Published 4 September 2019

FACTS

Revised time limit guidance

Until publishing this revised guidance, the ICO’s position had been that the month’s timescale go comply with a DSAR begins on the day after the DSAR is received. However, the revised guidance makes it clear that this is no longer the case; data controllers are now expected to calculate the time limit from the day that the DSAR is received (regardless of whether this is a working day). For example, the deadline for a DSAR received on 2 September 2019 would be 2 October 2019 (provided a decision is not made to extend the time limit by a further two months).

The other rules for calculating DSAR compliance deadlines remain the same. As a recap, these are:

  • If there is no corresponding calendar date, the deadline is the last day of the relevant month (e.g. a DSAR received on 31 August would be due on 30 September, given that September only has 30 days); and
  • If the DSAR deadline falls on a weekend or a public holiday, you have until the next working day to respond (e.g. the deadline for a DSAR received on 14 August 2019 will be Monday 16 September 2019).

Clarity on ‘manifestly unfounded or excessive’ DSARs

The revised ICO guidance has helpfully provided some clarity as to what constitutes a ‘manifestly unfounded or excessive’ DSAR (which data controllers are entitled to refuse to comply with).

The guidance explains that a DSAR may be manifestly unfounded if:

  • the individual clearly has no intention to exercise their right of access. For example, if an individual makes a request, but then offers to withdraw it in return for some form of benefit; or
  • the request is malicious in intent and is being used to harass an organisation with no real purposes other than to cause disruption. For example: 
    •  the individual has explicitly stated, in the request itself or in other communications, that they intend to cause disruption;
    • the request makes unsubstantiated accusations against you or specific employees;
    • the individual is targeting a particular employee against whom they have some personal grudge; or
    • the individual systematically sends different requests to you as part of a campaign, e.g. once a week, with the intention of causing disruption.

The guidance makes it clear, however, that this should not be treated as a simple tick list exercise that automatically means a request is manifestly unfounded. Likewise, data controllers should not presume that a request is manifestly unfounded just because the individual has previously submitted requests which have been manifestly unfounded or excessive, or because the request includes aggressive or abusive language.

Data controllers are expected instead to consider a request in the context in which it is made, and are responsible for demonstrating that it is manifestly unfounded. There must be an obvious or clear quality to it being unfounded and data controllers are expected to consider the specific situation and whether the individual genuinely wants to exercise their rights. If this is the case, it is unlikely that the request will be manifestly unfounded.

The following example is provided in the guidance:

  • An individual believes that information held about them is inaccurate. They repeatedly request that it is corrected but you have previously investigated and told them you regard it as accurate.
  • The individual continues to make requests along with unsubstantiated claims against the data controller.
  • The most recent request is refused because it is manifestly unfounded and the individual is notified of this.

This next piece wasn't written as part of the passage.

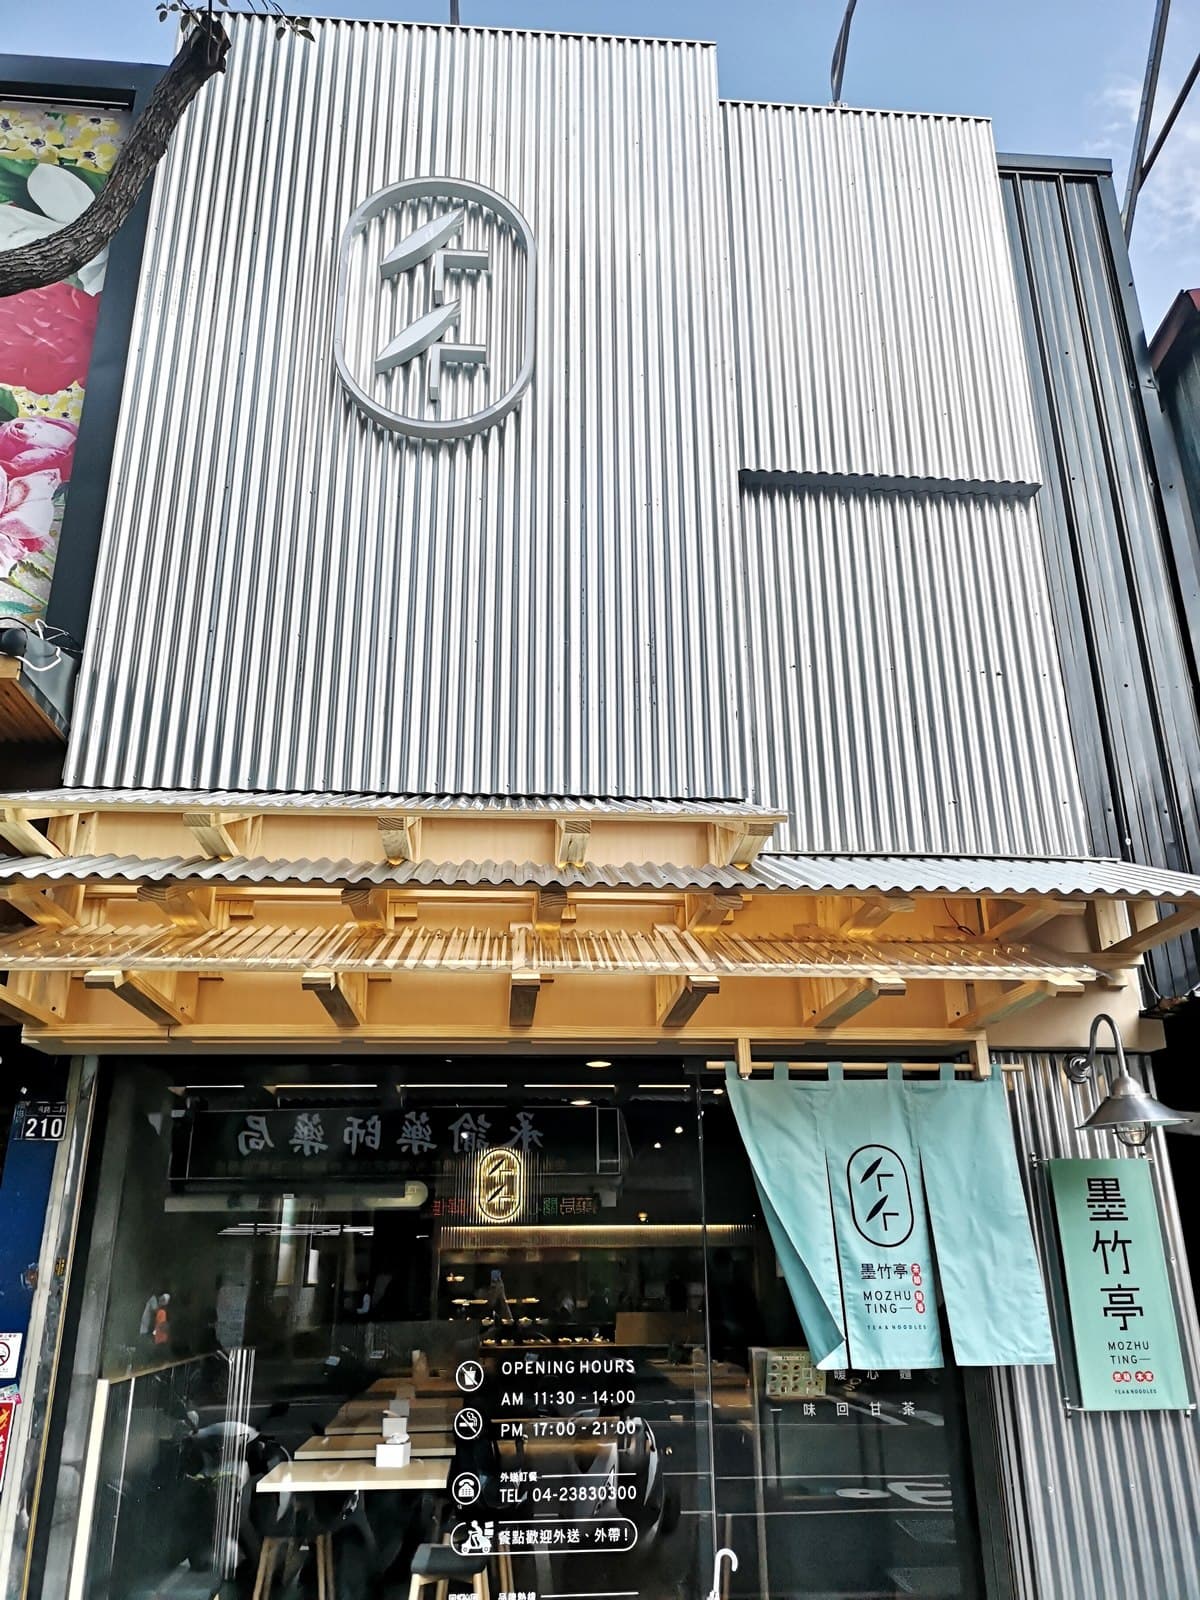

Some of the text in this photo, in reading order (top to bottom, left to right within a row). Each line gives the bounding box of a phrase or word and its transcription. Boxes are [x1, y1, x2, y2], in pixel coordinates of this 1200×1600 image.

A request may be excessive if:

  • it repeats the substance of previous requests and a reasonable interval has not elapsed; or
  • it overlaps with other requests.

It depends on the particular circumstances whether a request is excessive. A DSAR will not necessarily be excessive just because the individual:

  • requests a large amount of information, even if this is burdensome. Instead, a data controller should consider asking the data subject for more information to help locate what they want to receive;
  • wants to receive a further copy of information they have requested previously. In this situation a data controller can charge a reasonable fee for the administrative costs of providing this information again and it is unlikely that this would be an excessive request;
  • made an overlapping request relating to a completely separate set of information; or
  • previously submitted requests which have been manifestly unfounded or excessive.

When deciding whether a reasonable interval has elapsed the following should be considered:

  • the nature of the data – this could include whether it is particularly sensitive;
  • the purposes of the processing – these could include whether the processing is likely to cause detriment (harm) to the requester if disclosed; and
  • how often the data is altered – if the information is unlikely to have changed between requests, there is no need to respond to the same request twice. However, if you have deleted information since the last request you should inform the individual of this.

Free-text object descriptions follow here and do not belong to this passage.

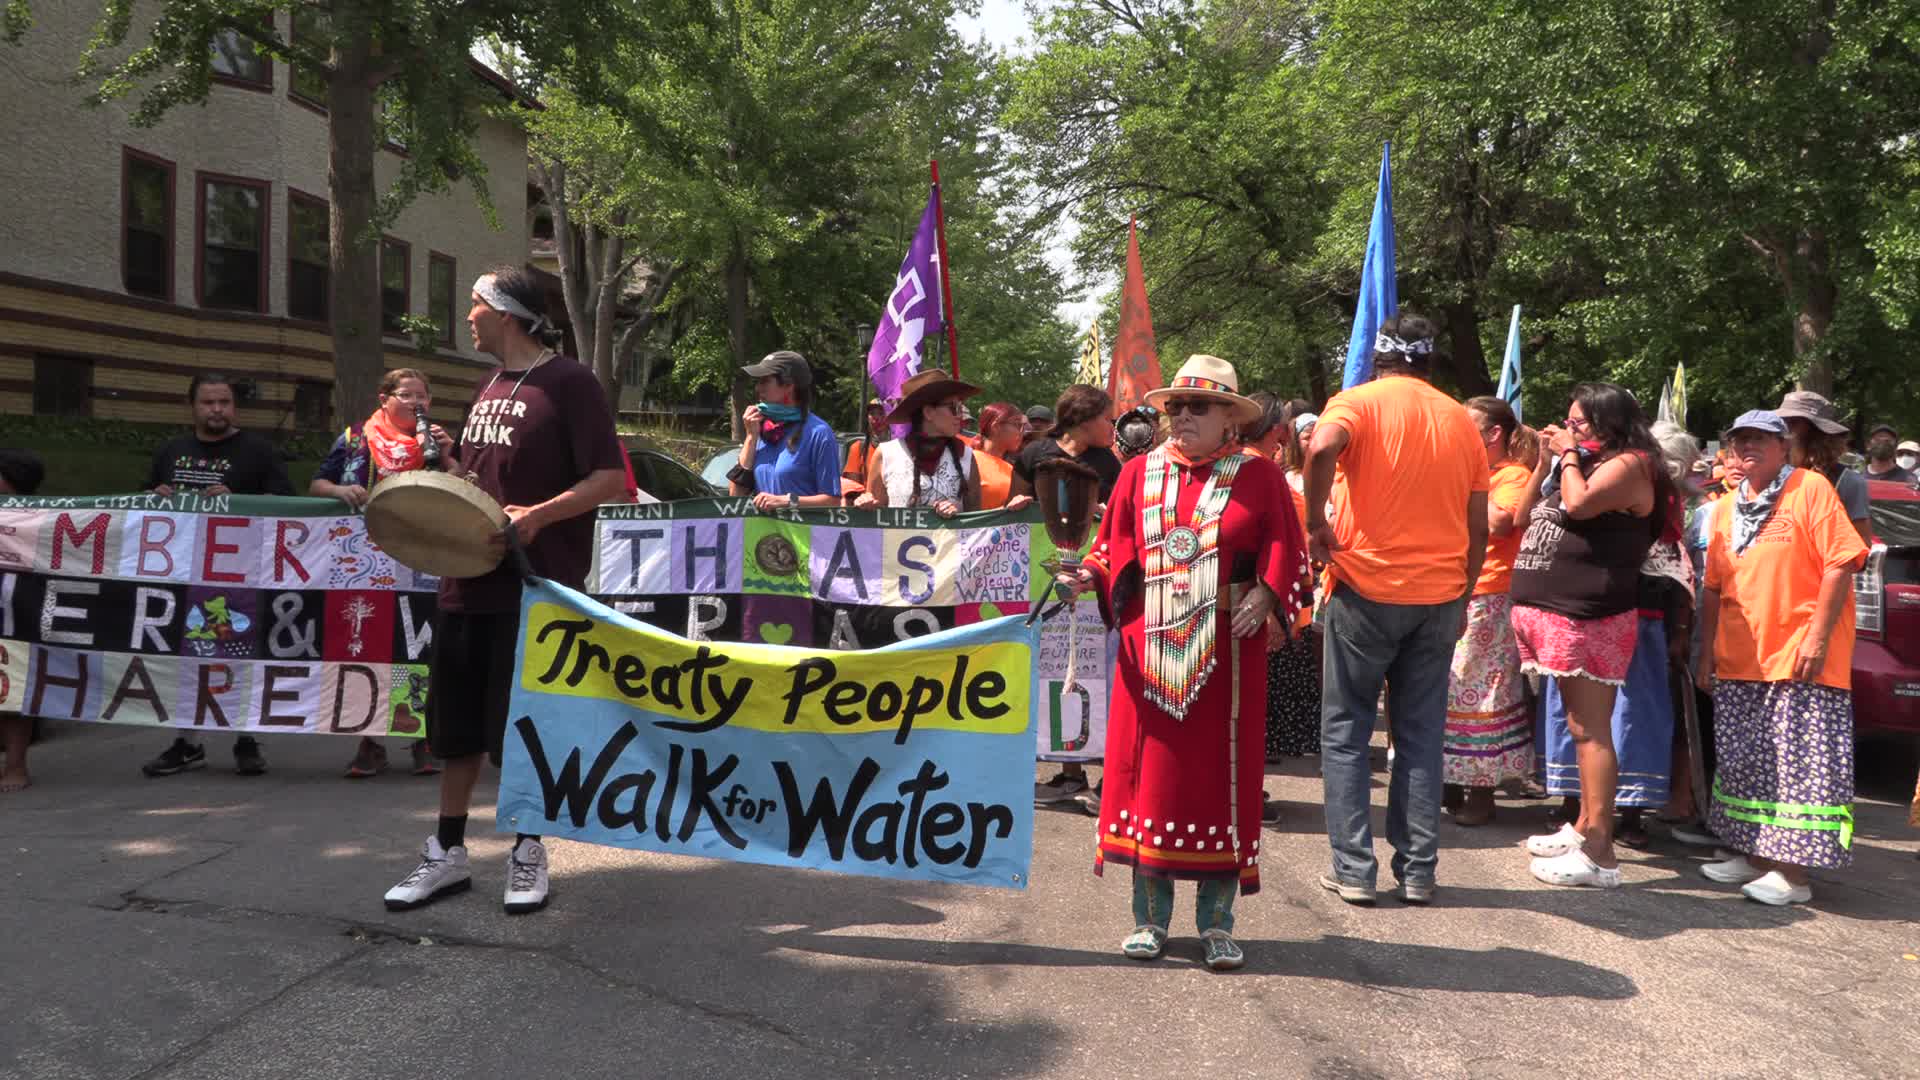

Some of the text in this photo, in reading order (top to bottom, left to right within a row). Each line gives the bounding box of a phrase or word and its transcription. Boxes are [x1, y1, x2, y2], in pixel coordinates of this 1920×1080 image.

[471, 399, 527, 418] STER
[713, 497, 804, 522] WAER
[828, 508, 850, 525] IS
[876, 508, 929, 528] LIFE
[960, 539, 1020, 563] Everyone
[960, 553, 1009, 581] Needs
[954, 583, 1025, 603] WATER
[268, 590, 320, 658] &
[1039, 646, 1097, 661] FUTRE
[536, 618, 1011, 745] Treaty People
[514, 715, 1013, 869] Walk for Water

WHAT THIS MEANS FOR EMPLOYERS

We recommend employers amend their internal DSAR processes and update any employees who handle DSARs to avoid getting caught out by the new calculation of the time limit rule. For any DSARs already in the pipeline, we recommend that data controllers aim to comply with the shortened deadline if possible. However, as this amendment was made by the ICO without much fanfare, data controllers may be able to argue in the short term that they were not aware of the change. The guidance on manifestly unfounded or excessive is welcome, as it has been some time coming.

See the new guidance here.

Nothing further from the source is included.